Kasus pengadilan berikutnya memungkinkan Navalny untuk mempublikasikan tuduhannya terhadap Presiden Putin, yang kini menjadi pertarungan pribadi yang intens: dia menuduh presiden memerintahkan agen negara untuk meracuninya – dan mengulanginya di pengadilan.
“Keluhan utamanya terhadap saya adalah bahwa dia akan tercatat dalam sejarah sebagai seorang peracun,” kata Navalny di pengadilan dengan nada mencemooh.
“Kita punya Alexander sang Pembebas, Yaroslav yang Bijaksana, dan kita akan punya Vladimir si Peracun Celana Dalam.”
Celana dalam telah menjadi meme media sosial di Rusia setelah Navalny melakukan serangan telepon pada bulan Desember 2020 terhadap agen keamanan negara FSB Rusia, yang mengungkapkan bahwa Novichok, senjata kimia Rusia yang sangat beracun, telah dioleskan ke pakaian dalam Navalny.
Meskipun hal ini sekali lagi menyoroti dugaan percobaan pembunuhan yang dilakukan Kremlin, hal ini tidak menghentikan pengadilan untuk memutuskan dia bersalah.
Pada tanggal 2 Februari 2021, pengadilan Moskow memenjarakan Navalny karena melanggar ketentuan hukuman percobaan tahun 2014 karena penipuan - sebuah kasus yang menurutnya bermotif politik.
Sementara itu, ia dan tim anti-korupsinya – yang semuanya dilarang mencalonkan diri dalam pemilihan parlemen – masih melawan Kremlin.
Kali ini menciptakan aplikasi “pemungutan suara cerdas” yang mendorong pemilih untuk mendukung kandidat yang memiliki peluang mengalahkan partai Rusia Bersatu pimpinan Putin pada bulan September 2021.
Namun Navalny bukanlah pahlawan sederhana yang berjuang melawan rezim yang kuat. Dia dituduh xenofobia.
Dalam video tahun 2007, ia terlihat membandingkan konflik etnis dengan kerusakan gigi dan menyamakan imigran dengan kecoak.

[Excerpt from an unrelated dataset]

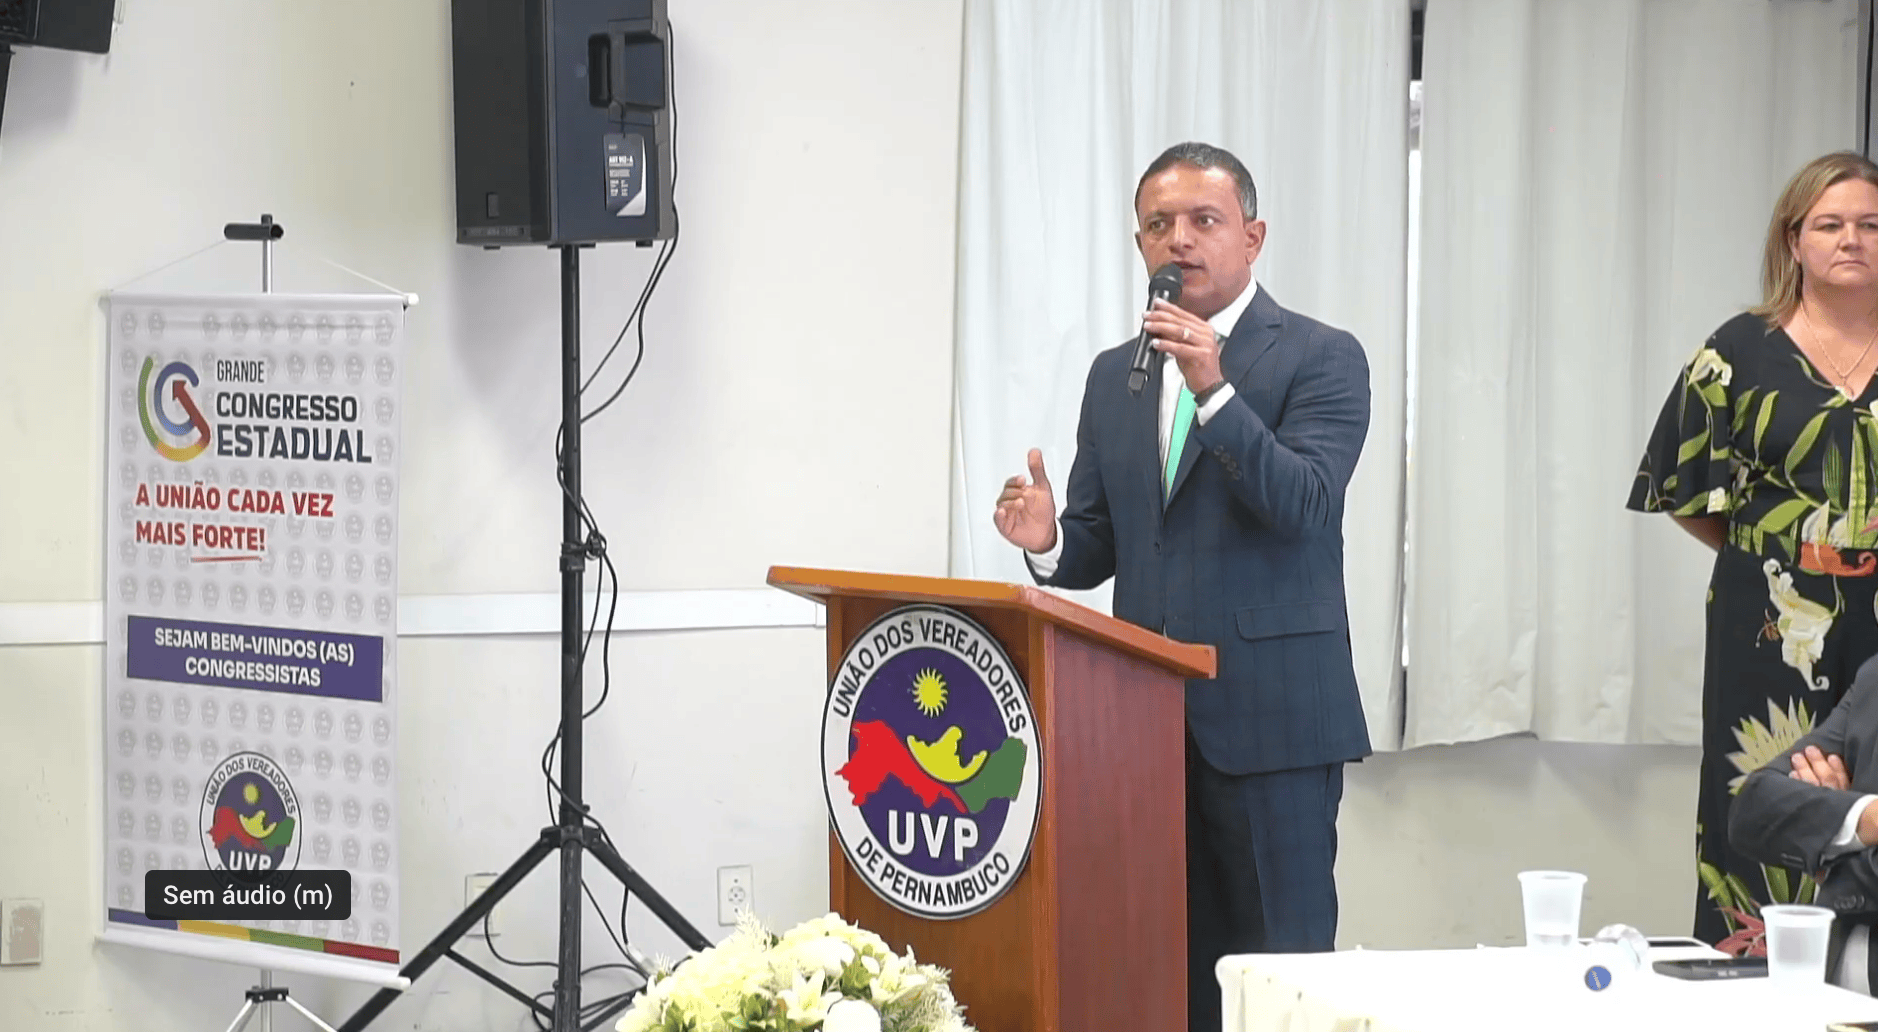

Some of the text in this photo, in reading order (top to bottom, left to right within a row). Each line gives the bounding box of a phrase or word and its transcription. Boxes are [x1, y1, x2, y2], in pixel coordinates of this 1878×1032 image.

Dia juga mengatakan semenanjung Krimea “secara de facto adalah milik Rusia”, meskipun ada kecaman internasional atas aneksasi Rusia atas wilayah Ukraina pada tahun 2014.
Komentar tersebut menyebabkan – secara kontroversial – Amnesty International mencabut statusnya sebagai “tahanan hati nurani” pada bulan Februari 2021, sebelum mengakui bahwa mereka telah menjadi sasaran “kampanye yang diatur” untuk “menghapus” dia dan kemudian membatalkan keputusannya.

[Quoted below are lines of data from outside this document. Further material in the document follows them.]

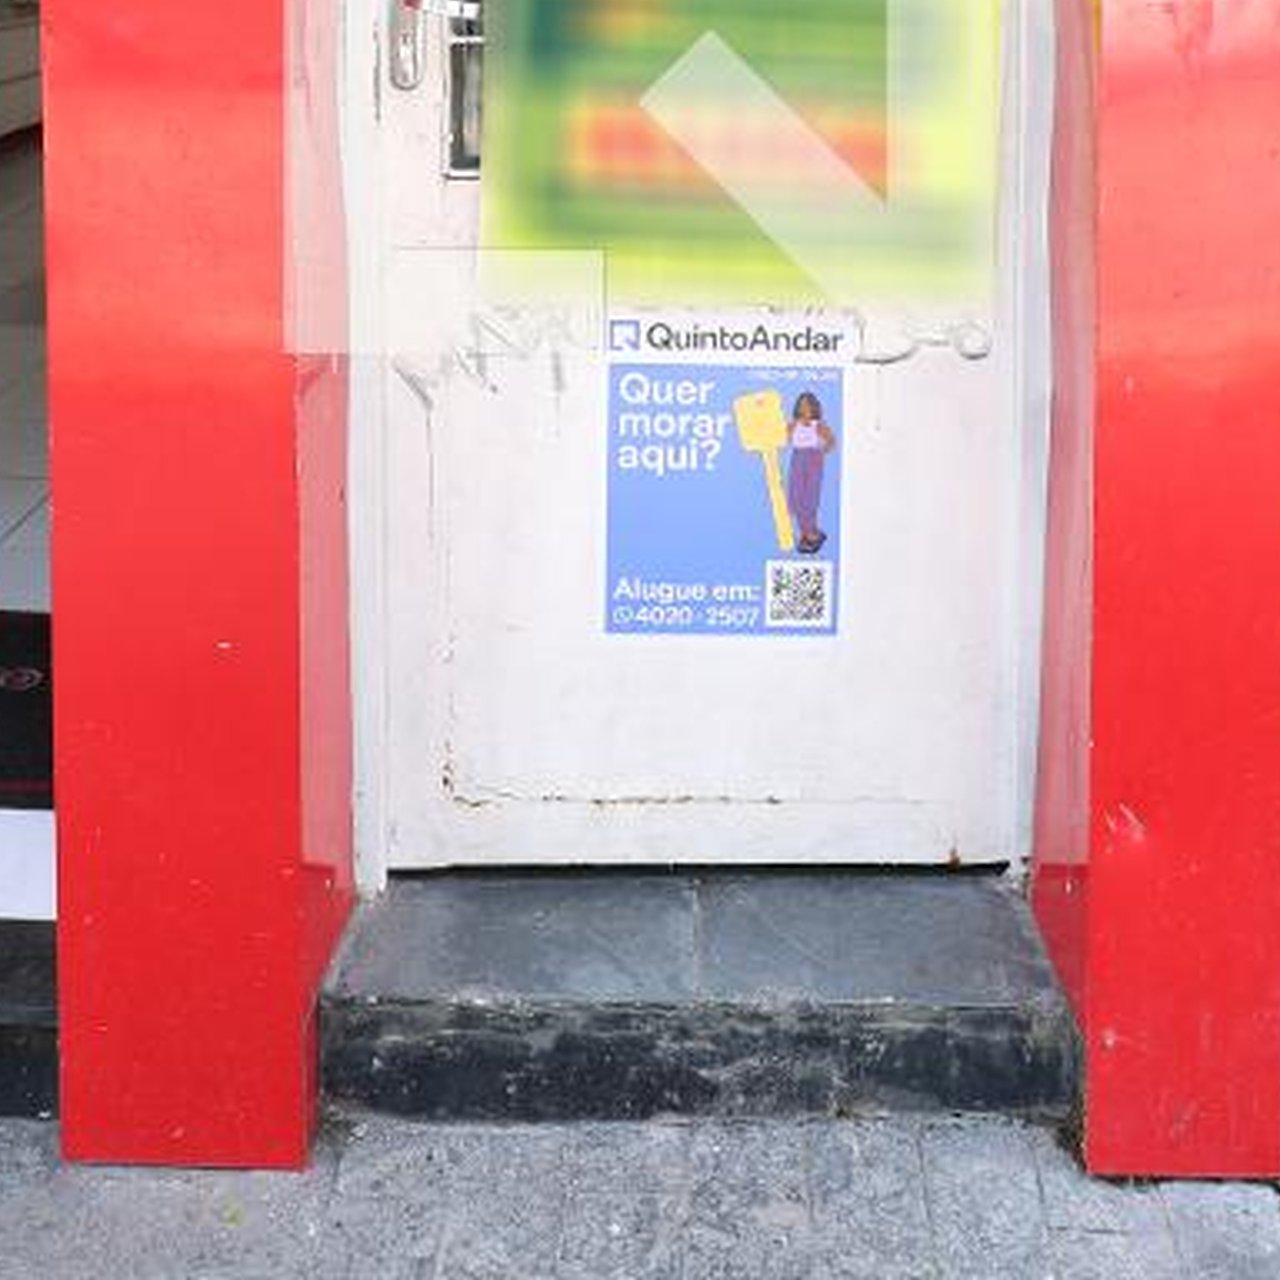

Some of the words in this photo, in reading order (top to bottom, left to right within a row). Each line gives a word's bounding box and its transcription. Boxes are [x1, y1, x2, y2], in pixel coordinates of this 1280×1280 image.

[646, 322, 844, 353] QuintoAndar
[620, 372, 715, 405] Quer
[619, 413, 730, 437] morar
[618, 439, 721, 476] aqui?
[613, 577, 707, 603] Alugue
[712, 585, 761, 602] em:

Sementara itu, pemerintah Rusia terus menghukum Navalny.
Pada bulan Maret 2022, hukumannya ditambah sembilan tahun setelah dia dinyatakan bersalah atas tuduhan baru penggelapan dan penghinaan terhadap pengadilan.
Dia dipindahkan ke koloni hukuman baru di Melekhovo, sekitar 250 km (150 mil) timur Moskow.

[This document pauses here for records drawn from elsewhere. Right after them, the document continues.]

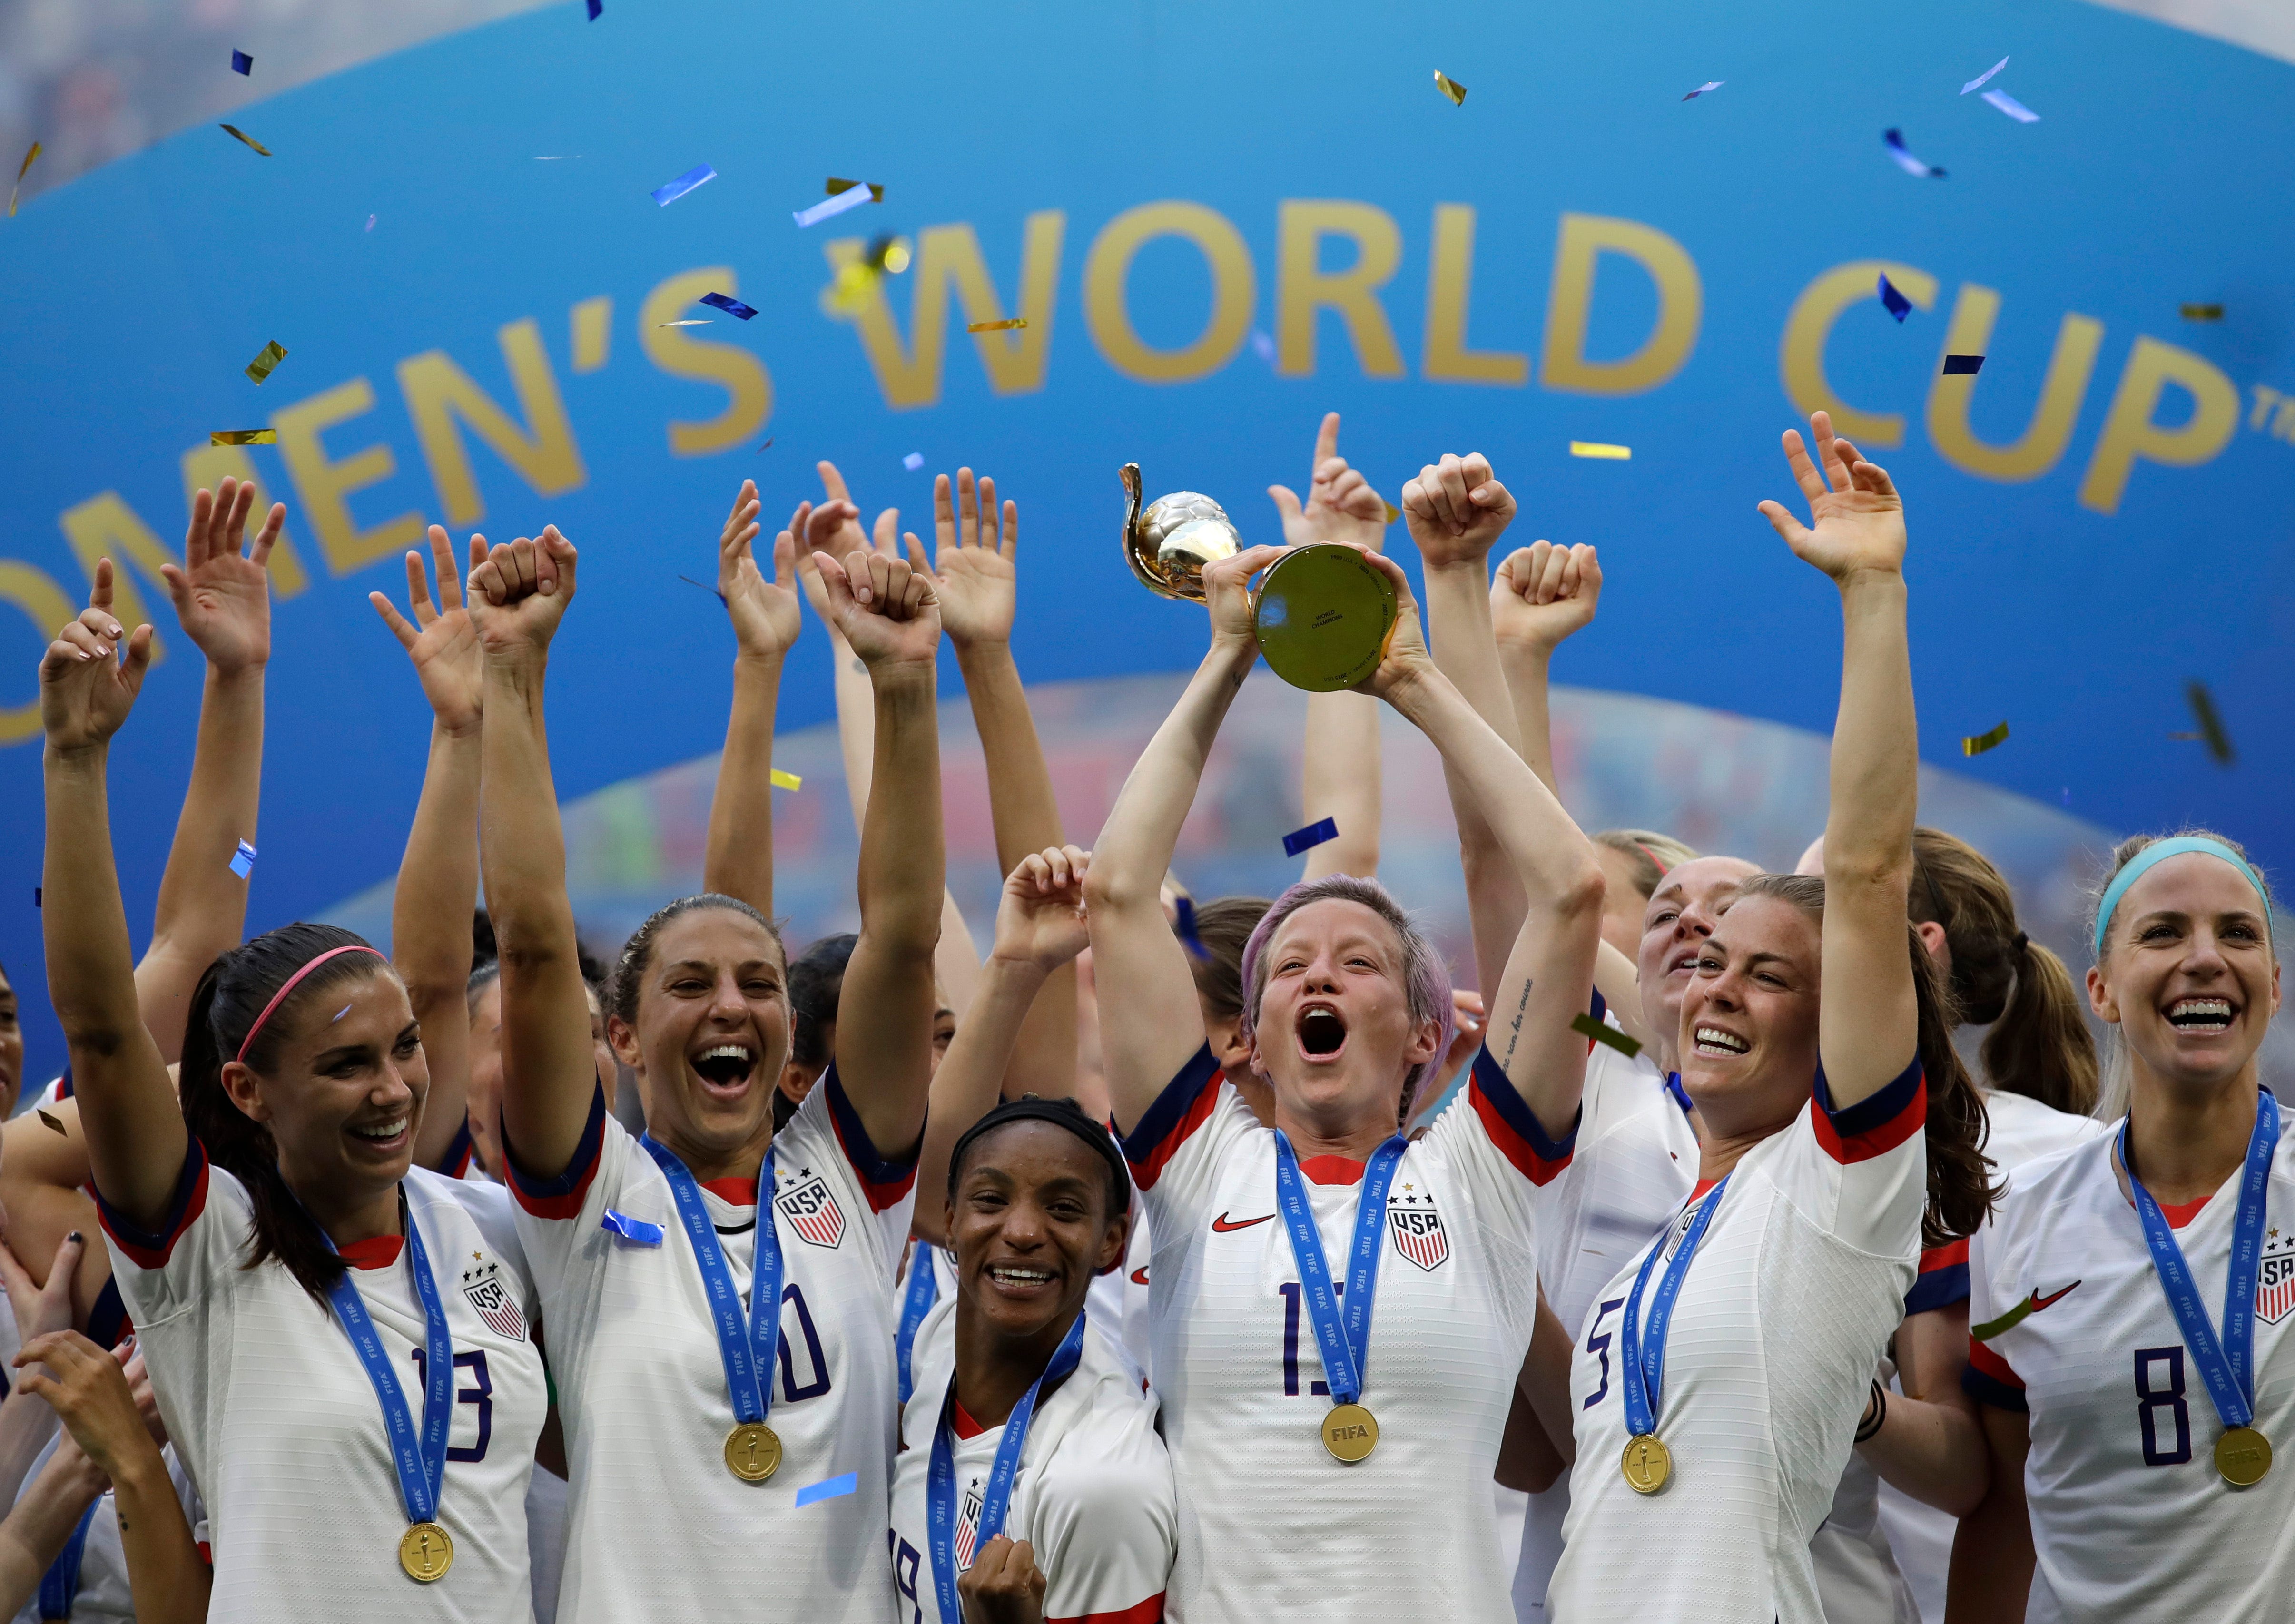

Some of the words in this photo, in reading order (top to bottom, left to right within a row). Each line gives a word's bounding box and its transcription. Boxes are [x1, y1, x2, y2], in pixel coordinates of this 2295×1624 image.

[822, 198, 1704, 412] WORLD
[1780, 258, 2240, 516] CUP
[1316, 610, 1335, 620] WORLD
[1359, 564, 1369, 574] 2003
[1366, 649, 1376, 661] 2011
[1520, 979, 1533, 1011] course
[1511, 1013, 1523, 1032] her
[1507, 1034, 1517, 1055] ran
[782, 1183, 826, 1214] USA
[1393, 1213, 1438, 1235] USA
[2259, 1258, 2294, 1286] SA
[470, 1283, 503, 1309] USA
[1582, 1296, 1626, 1411] 5
[2134, 1345, 2193, 1467] 8
[1331, 1424, 1369, 1441] FIFA
[2225, 1447, 2261, 1466] FIFA
[888, 1527, 922, 1624] 9

Pada bulan Juni 2022, sekutunya memberikan peringatan setelah mereka mengetahui bahwa dia tidak lagi berada di penjara tersebut.
Otoritas penjara federal kemudian mengakui bahwa dia telah dipindahkan ke penjara dengan reputasi buruk, penjara IK-6, lebih dari 155 mil (249 km) timur Moskow, di mana dia mengatakan dia berulang kali ditempatkan di sel isolasi.
Hukuman terakhirnya, yang dijatuhkan oleh hakim pada Agustus 2023 dan memperpanjang hukuman penjaranya menjadi 19 tahun, membuatnya dipindahkan ke penjara dengan keamanan maksimum yang biasanya diperuntukkan bagi penjahat paling berbahaya di Rusia.
Perlakuan kasarnya mencerminkan fakta bahwa Putin dan rezimnya takut akan pengaruh kampanye Navalny, kata Prof Nina Khrushcheva, cicit dari mantan pemimpin Soviet Nikita Khrushchev dan pakar urusan internasional, kepada BBC pada saat itu.
"Putin bahkan tidak menyebutkan namanya, siapa pun di Kremlin tidak boleh menyebutkan namanya," katanya, membandingkannya dengan karakter fiksi Harry Potter, Voldemort - yang juga disebut sebagai "Dia-Yang-Harus-Tidak -Disebut Namanya".
"Navalny adalah ancaman terhadap kekuatan pribadi Putin, reputasi pribadi Putin terhadap dirinya sendiri.
Dan Putin tidak memperlakukan musuh-musuhnya dengan enteng dan sayangnya Navalny menganggap ini - seperti yang mereka katakan dalam bahasa Rusia - tiket ini untuk menjadi musuh pribadi Putin."
Kampanye anti korupsi
Meski sempat menjalani masa isolasi selama beberapa tahun terakhir, Navalny menjadi salah satu tokoh terkemuka dalam negeri yang menentang perang di Ukraina.
Saat hadir di pengadilan pada Mei 2022, ia menuduh Putin memulai “perang bodoh” tanpa “tujuan atau makna”. Dan pada bulan September, ia menuduh elit Rusia memiliki “obsesi haus darah terhadap Ukraina” dalam sebuah artikel untuk Washington Post.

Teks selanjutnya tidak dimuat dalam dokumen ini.